Increases supply of glutathione
Combines with NAPQI to produce non-toxic metabolite
What is the Rumack-Matthew nomogram?
Used to determine course of treatment for a patient that has overdosed on Tylenol
Indications for using N-Acetylcysteine:
- Concentration above the treatment line on Rumack-Matthew 4hrs s/p ingestion
- Suspected ingestion > 150mg/kg
- Unknown ingestion time, concentration > 10mcg/mL
- Pt hx APAP ingestion and ANY evidence of liver injury
- Delayed presentation (>24hrs) w/ evidence of liver injury
Max adult daily dose APAP?
4 grams
Children’s dose for Tylenol?
10-15mg/kg/dose q4-6hrs
NSAID’s - MOAS?
Reversibly inhibits COX-1 and 2 enzymes, which results in decreased formation of prostaglandin precursors
Has antipyretic, analgesic, and anti-inflammatory properties
Undesirable NSAID effects from COX-1 inhibition:
Gastrotoxicity —> ulcers
Undesirable NSAID effects from COX-2 inhibition:
Increased BP
Increased salt retention
Clinical uses of NSAIDS (four main categories):
- Antipyretic
- Anti-platelet
- Analgesic
- Anti-inflammatory
What medicine is contraindicated in peds with viral infections (influenza, chicken pox), and why?
ASA, d/t Reye’s Syndrome
What impact does higher COX-2 selectivity have an platelet aggregation?

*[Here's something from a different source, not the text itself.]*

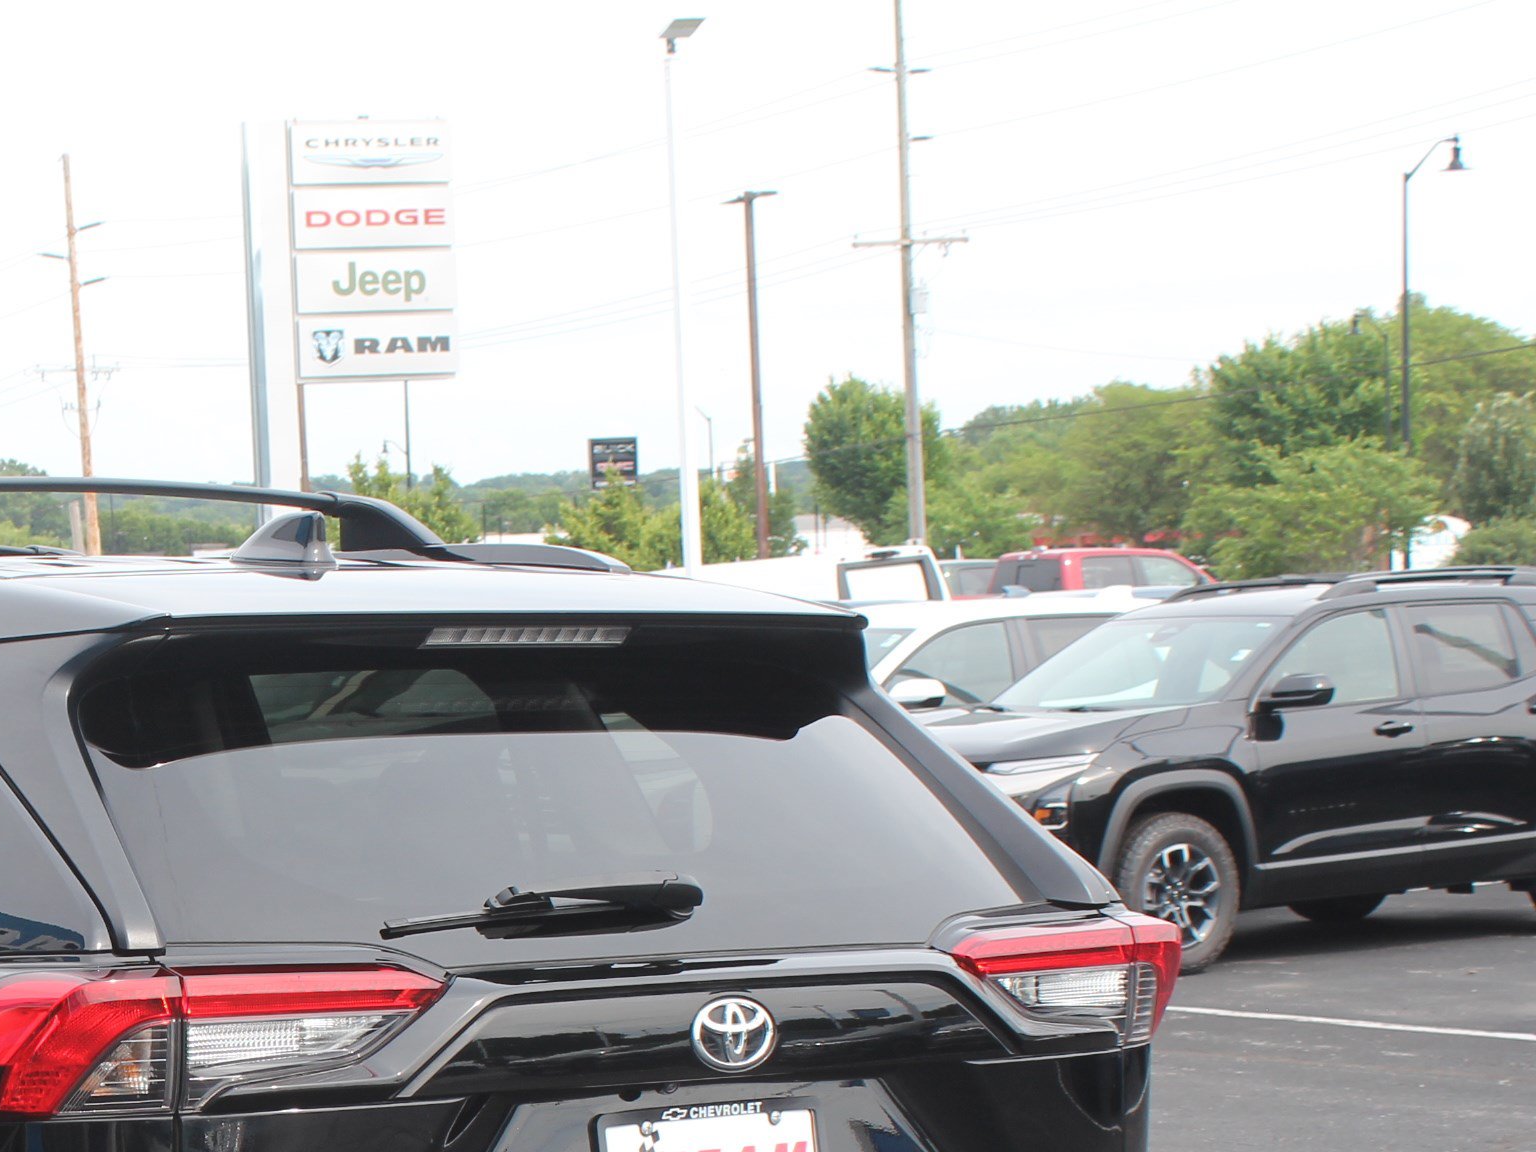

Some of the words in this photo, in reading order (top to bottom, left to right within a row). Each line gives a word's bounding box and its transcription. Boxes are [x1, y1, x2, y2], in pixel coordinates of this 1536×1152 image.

Higher COX-2 selectivity DECREASES the beneficial effects on platelet aggregation
Which is better at decreasing platelet aggregation - COX-1 or COX-2?
COX-1
NSAID’s that are more ___ selective carry a higher cardiovascular risk:
COX-2
AHA recommendations for patients with CVD who need pain meds:
- APAP
- ASA
- Tramadol
- Opioids (short-term)
- Non-acetylated salicylates
IF ALL THAT FAILS…NSAIDS
Characteristics of “high risk” for NSAID ulcers:
- Hx of previously complicated ulcer
2. Multiple (>2) other risk factors
Criteria of “moderate risk” for NSAID ulcers:
- Age > 65 yrs
- High-dose NSAID therapy
- Previous hx uncomplicated ulcer
- Concurrent use of ASA, corticosteroids, or anticoagulants
How to prevent NSAID dyspepsia?
Combine NSAID with PPI or H2 blocker
How to avoid NSAID cardiovascular complications?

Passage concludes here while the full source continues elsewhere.